Problem to work on:
Copy without pictures. Please restate each line of the listing exactly.
<<<<
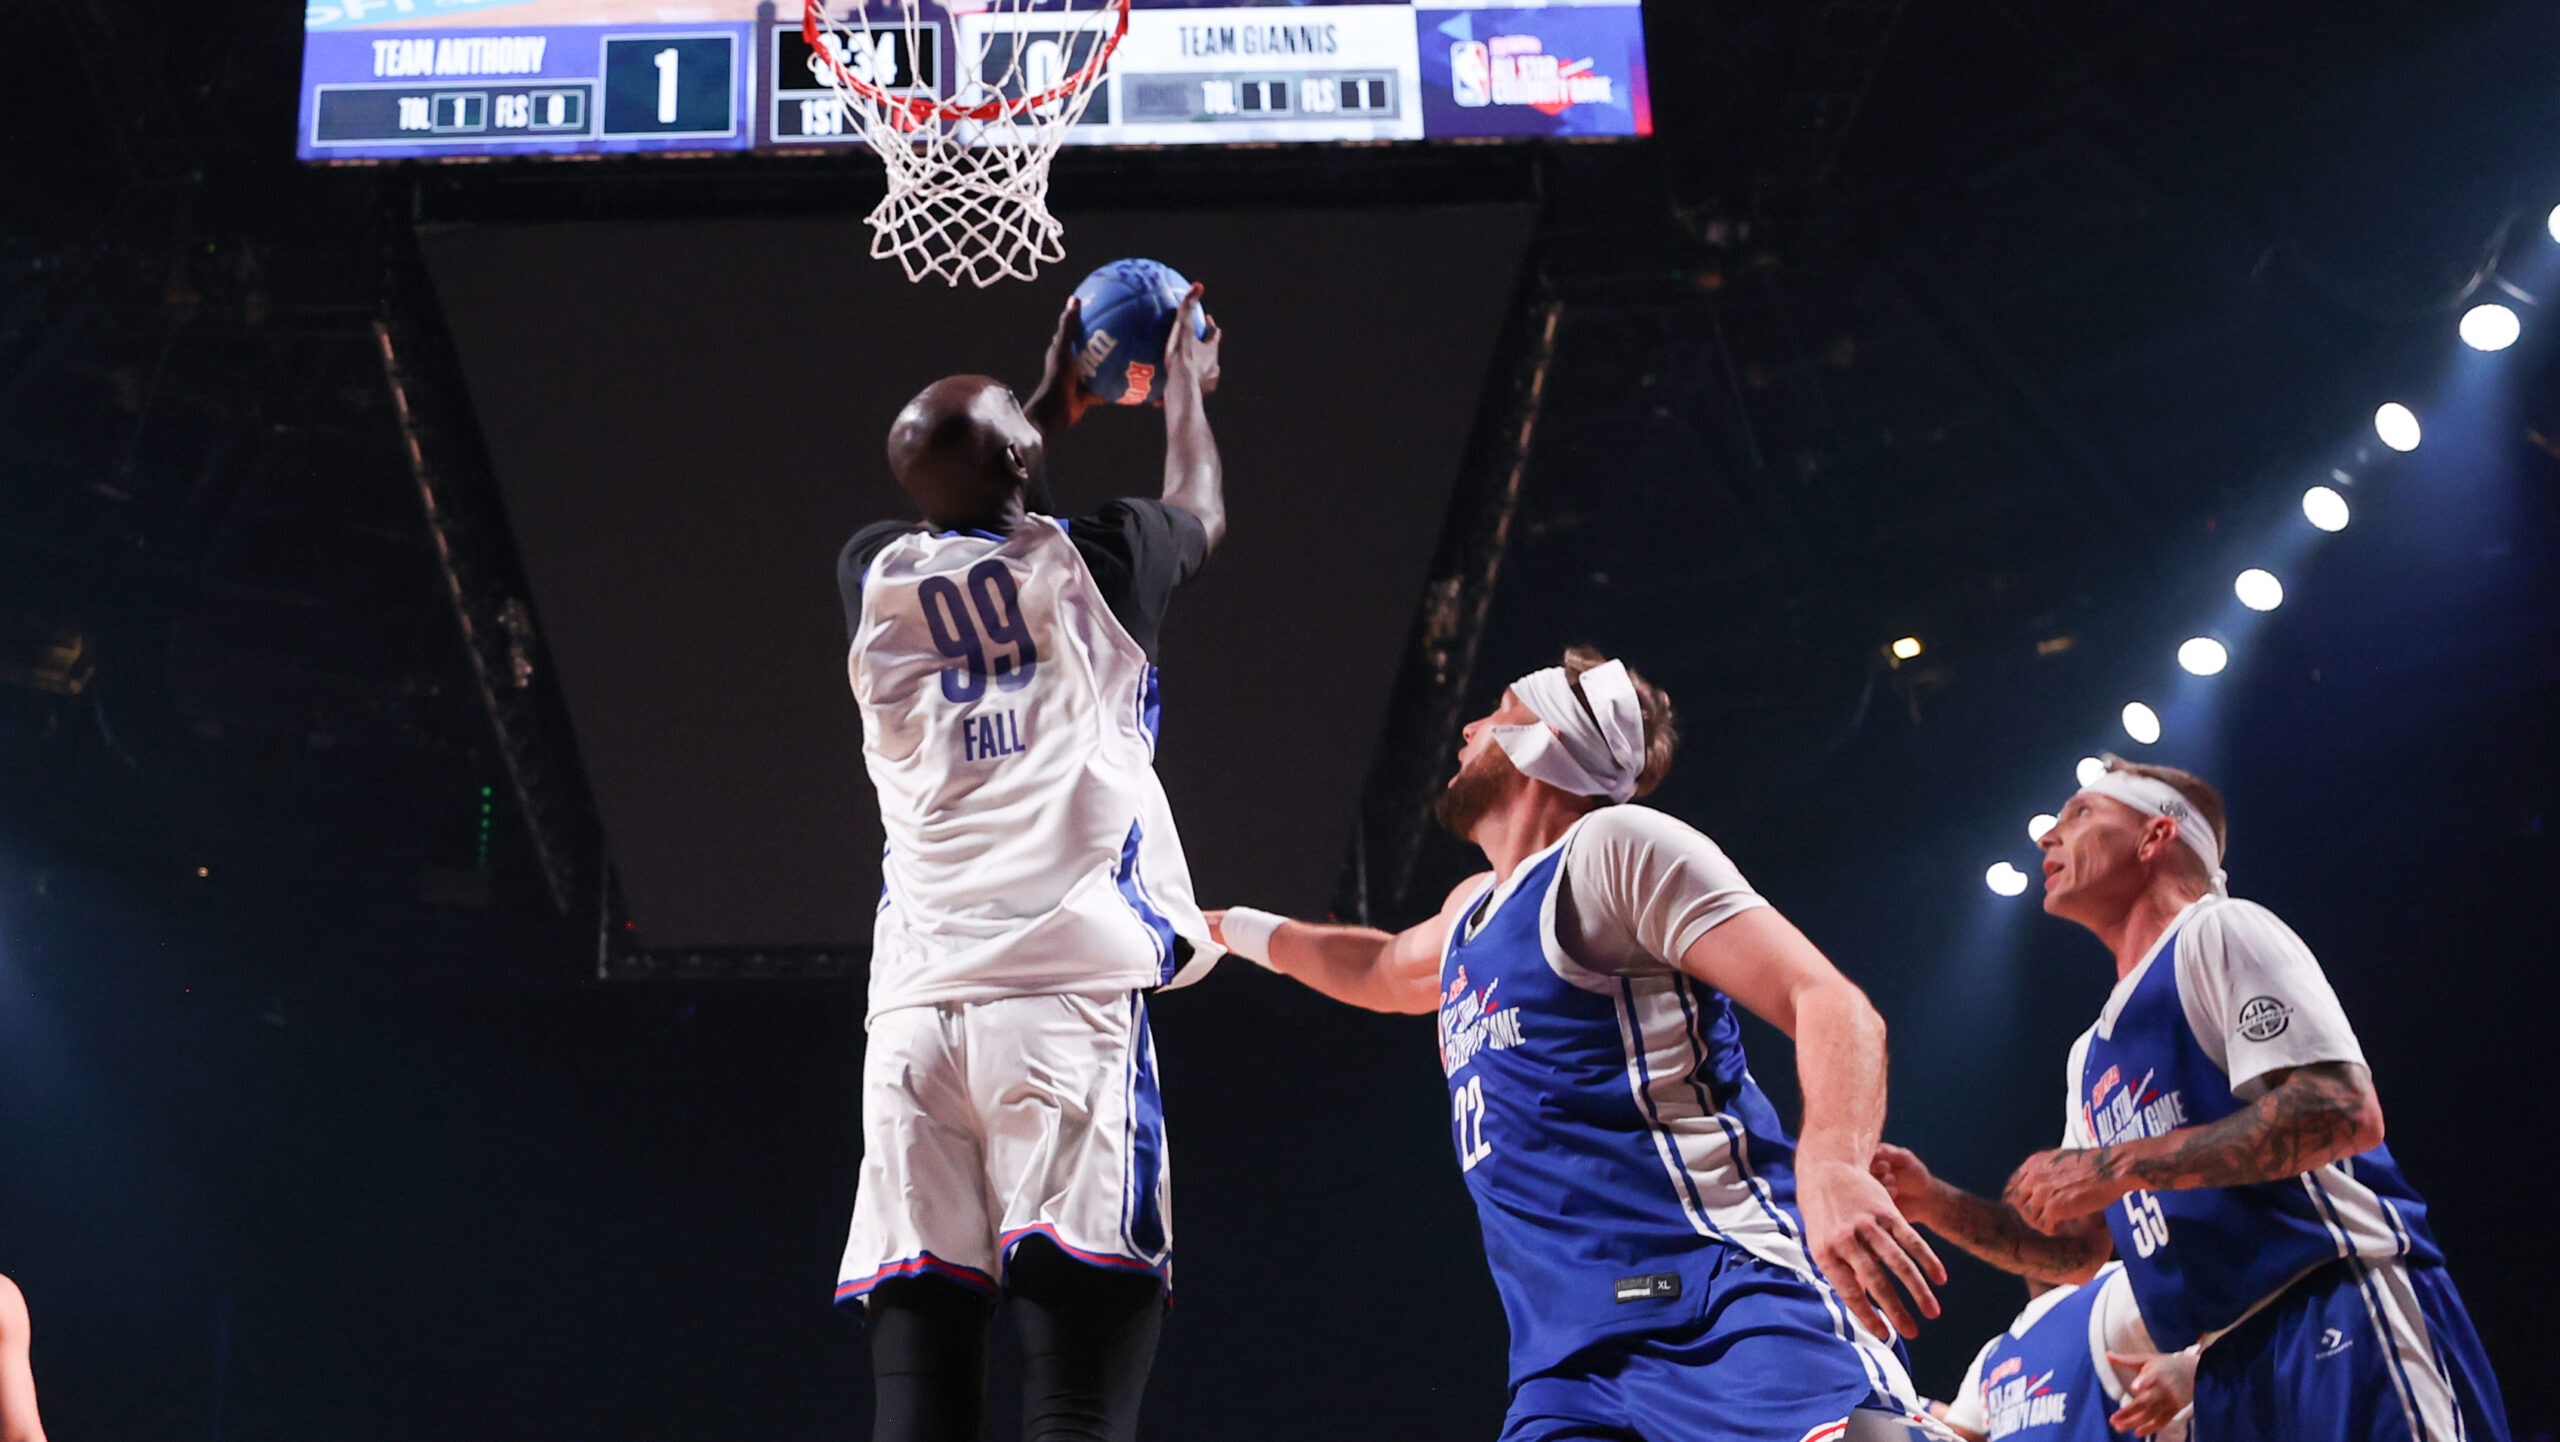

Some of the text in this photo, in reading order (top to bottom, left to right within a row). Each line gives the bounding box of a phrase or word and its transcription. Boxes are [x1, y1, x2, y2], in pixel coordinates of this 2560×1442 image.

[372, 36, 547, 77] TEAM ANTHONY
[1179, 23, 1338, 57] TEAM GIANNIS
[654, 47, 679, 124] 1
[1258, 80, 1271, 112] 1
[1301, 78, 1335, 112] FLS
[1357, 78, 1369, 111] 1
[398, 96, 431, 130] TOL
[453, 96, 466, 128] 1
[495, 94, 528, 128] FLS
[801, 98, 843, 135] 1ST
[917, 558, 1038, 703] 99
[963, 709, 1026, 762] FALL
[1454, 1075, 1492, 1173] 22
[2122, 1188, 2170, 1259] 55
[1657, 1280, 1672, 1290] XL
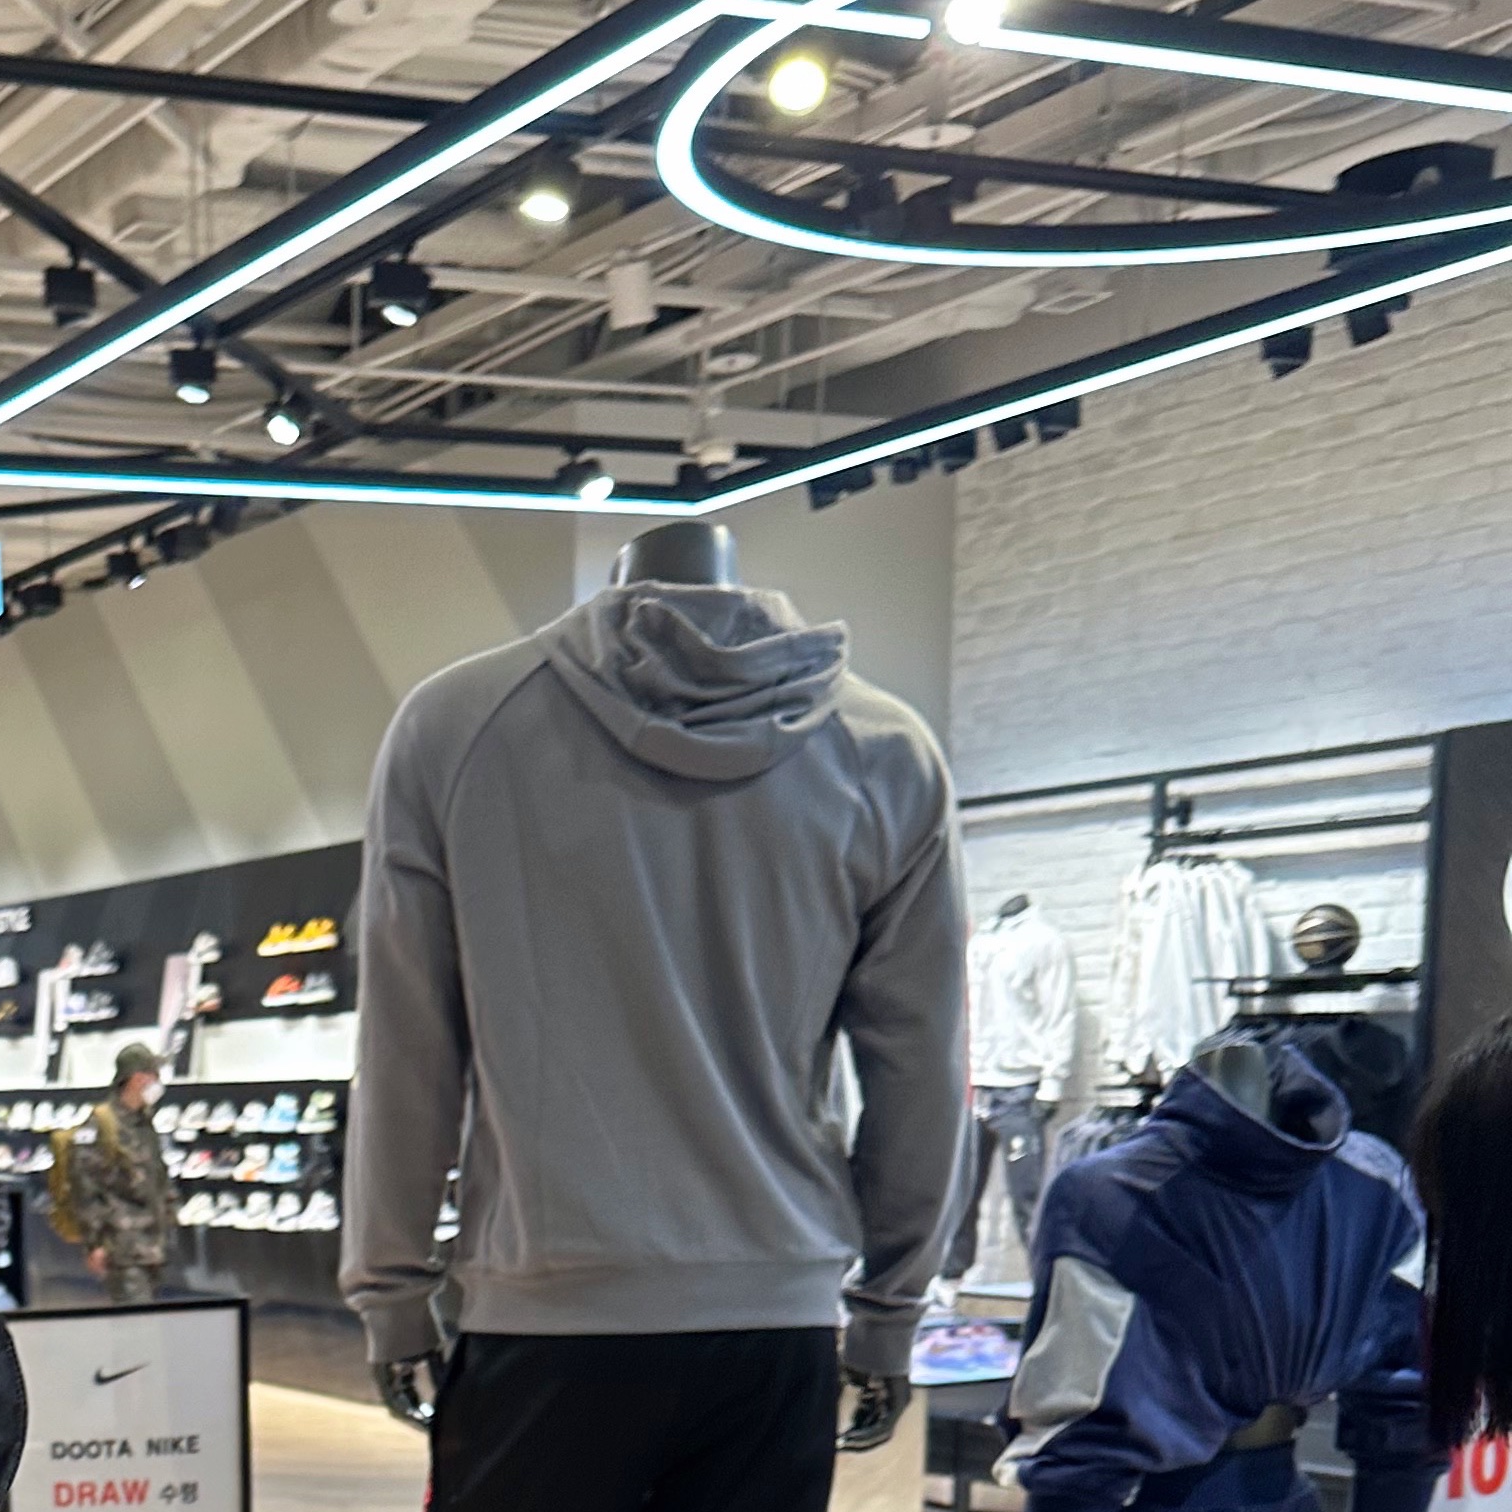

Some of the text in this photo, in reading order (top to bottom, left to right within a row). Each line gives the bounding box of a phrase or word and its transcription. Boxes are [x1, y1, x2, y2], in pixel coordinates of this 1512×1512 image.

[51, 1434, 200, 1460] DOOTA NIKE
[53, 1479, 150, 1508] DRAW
>>>>
Exercise output:
Some of the text in this photo, in reading order (top to bottom, left to right within a row). Each line gives the bounding box of a phrase or word and its transcription. Boxes are [x1, y1, x2, y2], in pixel coordinates of this 2560×1442 image.

[372, 36, 547, 77] TEAM ANTHONY
[1179, 23, 1338, 57] TEAM GIANNIS
[654, 47, 679, 124] 1
[1258, 80, 1271, 112] 1
[1301, 78, 1335, 112] FLS
[1357, 78, 1369, 111] 1
[398, 96, 431, 130] TOL
[453, 96, 466, 128] 1
[495, 94, 528, 128] FLS
[801, 98, 843, 135] 1ST
[917, 558, 1038, 703] 99
[963, 709, 1026, 762] FALL
[1454, 1075, 1492, 1173] 22
[2122, 1188, 2170, 1259] 55
[1657, 1280, 1672, 1290] XL

Some of the text in this photo, in reading order (top to bottom, left to right within a row). Each line gives the bounding box of a phrase or word and its transcription. Boxes are [x1, y1, x2, y2], in pixel coordinates of this 1512×1512 image.

[51, 1434, 200, 1460] DOOTA NIKE
[53, 1479, 150, 1508] DRAW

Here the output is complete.